The Business Buyer’s Guide to: Laptops (Updated for 2021)

Laptop Buyers Guide

Executive Summary

  • Buying a new business laptop isn’t always a walk in the park. From CPU to RAM to storage to OS, there’s plenty to think about – but where do you start?
  • In this buyer’s guide to business laptops, we’ll explain exactly what to look for in a new laptop in simple plain English.
  • This essential guide for business owners and managers covers form factor, display, memory, storage, operating systems, warranties, and more.

Table of Contents

  1. Introduction
  2. Part I: Form Factor
  3. Part II: Display and Resolution
  4. Part III: Processor / CPU
  5. Part IV: Memory / RAM
  6. Part V: Storage
  7. Part VI: Operating System
  8. Part VII: Ports and Connections
  9. Part VIII: Build Quality and Optional Extras
  10. Part IX: Warranty
  11. The Get Support Recommendation


With more business taking place in the digital realm than ever before, having the hardware to support your company is vital.

On top of reliable hardware, your business also needs to stay agile and adaptive to change – including the option to work from, well, anywhere.

It’s here that business laptops step into the picture.

But how do you know what to look for in a laptop? How much RAM do you need? Which display resolution is best for business? And what’s the difference between an i3 and an i7 processor? We’ll answer all of these questions (and more) in this buyer’s guide to business laptops.

Let’s get started.

Part I: Form Factor

One of the most important aspects of any laptop is portability, and that all comes down to form factor. Put simply, this refers to the physical size of the laptop, including the display, the keyboard, and even the weight of the unit.

The most common form factor for business laptops in 2021 are as follows:

  • 15-inch laptop: A15-inch screen is certainly a little on the large size, especially for most business users, but there are some benefits. For example, most 15-inch laptops will include a full-size keyboard, meaning you’ll also get a numerical keypad. If your day-to-day involves a lot of calculation or working with data, the keypad (plus the added screen real estate) might make a big difference.
  • 14-inch laptop: A 14-inch screen is perhaps the “sweet spot” for most business users. If you and your team spend most of your day working with email, web browsers, and office applications like those included with Microsoft 365, a 14-inch screen is going to be all you need.
  • 13-inch laptop: A 13-inch laptop screen is ideal if you’re always on the move. The more compact size means it’s easier to fold up and take with you from meeting room to meeting room, or use on public transport. Do note, though, that smaller doesn’t always mean lighter.

Part II: Display and Resolution

If you’re using a laptop as your daily driver at work every day, (and especially if you’re working remotely), choosing the right display is vital.

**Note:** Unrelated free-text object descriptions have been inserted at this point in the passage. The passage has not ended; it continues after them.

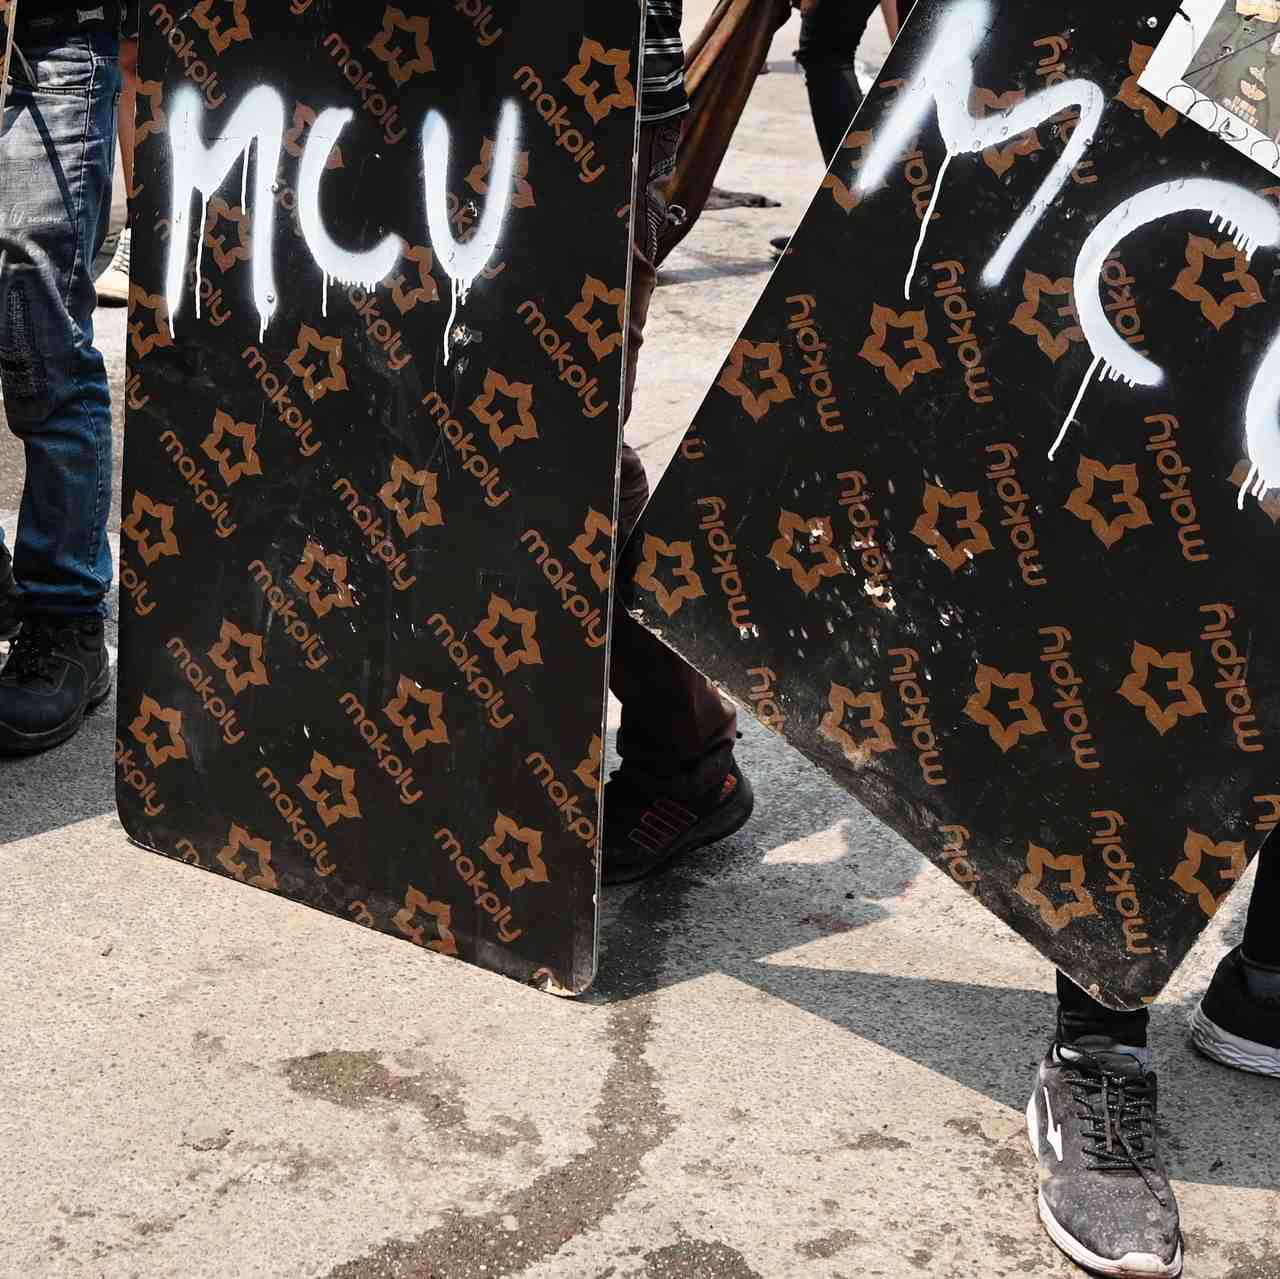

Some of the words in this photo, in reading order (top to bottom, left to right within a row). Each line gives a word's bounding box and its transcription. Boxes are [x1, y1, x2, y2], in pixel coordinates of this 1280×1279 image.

[149, 2, 227, 109] makply
[323, 32, 407, 144] makply
[514, 65, 605, 185] makply
[167, 83, 520, 338] MCU
[517, 299, 609, 418] makply
[786, 293, 844, 432] makply
[933, 260, 994, 405] makply
[242, 345, 322, 457] makply
[421, 391, 512, 508] makply
[160, 430, 237, 538] makply
[332, 477, 417, 592] makply
[986, 443, 1048, 588] makply
[1146, 412, 1209, 563] makply
[120, 560, 157, 616] ply
[248, 559, 328, 671] makply
[521, 529, 608, 648] makply
[166, 637, 245, 744] makply
[427, 612, 514, 729] makply
[747, 666, 785, 734] ply
[889, 648, 946, 787] makply
[1039, 626, 1100, 770] makply
[1200, 603, 1264, 753] makply
[339, 692, 422, 805] makply
[525, 751, 597, 855] makp
[256, 767, 336, 877] makply
[939, 823, 978, 895] ply
[433, 827, 522, 943] makply
[1091, 810, 1152, 955] makply
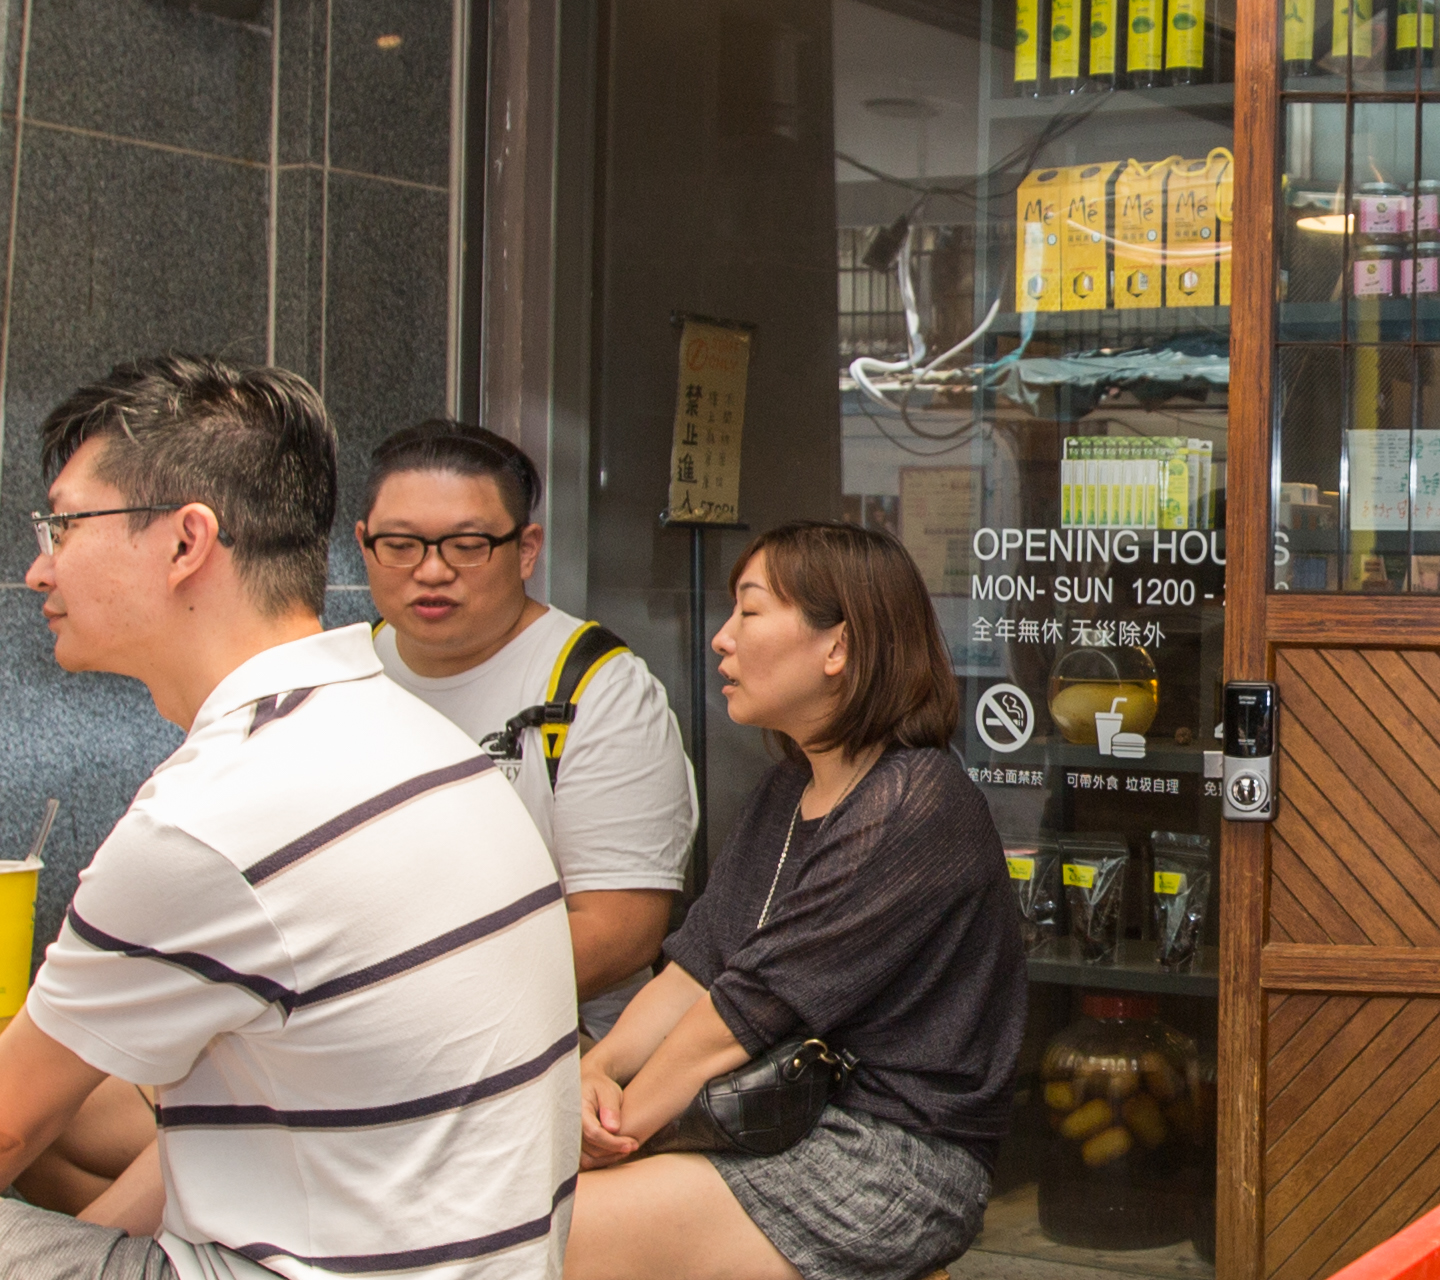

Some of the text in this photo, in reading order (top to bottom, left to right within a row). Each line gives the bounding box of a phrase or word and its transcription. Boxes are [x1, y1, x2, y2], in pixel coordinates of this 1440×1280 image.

[973, 528, 1290, 566] OPENING HOUS
[1053, 575, 1113, 604] SUN
[1132, 578, 1196, 605] 1200
[971, 616, 1166, 649] 全年無休 天災除外
[967, 767, 1043, 787] 室內全面禁菸
[1066, 772, 1180, 795] 可帶外食 垃圾自理

Your screen is essentially the window through which you’ll get face-time with your colleagues, read your emails, work on documents, and everything else.

When it comes to actually picking out a display, we’ve already covered half of what you need already in our discussion of display size. But there’s something else to consider, and it’s actually a bit more important: display resolution.

In plain English, your display resolution is how many pixels (coloured dots) make up the image on your screen. The higher the display resolution, the more pixels you have; the more pixels you have, the sharper and more accurate the image will be. Higher resolution screens will provide clearer images and cleaner fonts, allowing you to do your work that little bit more easily.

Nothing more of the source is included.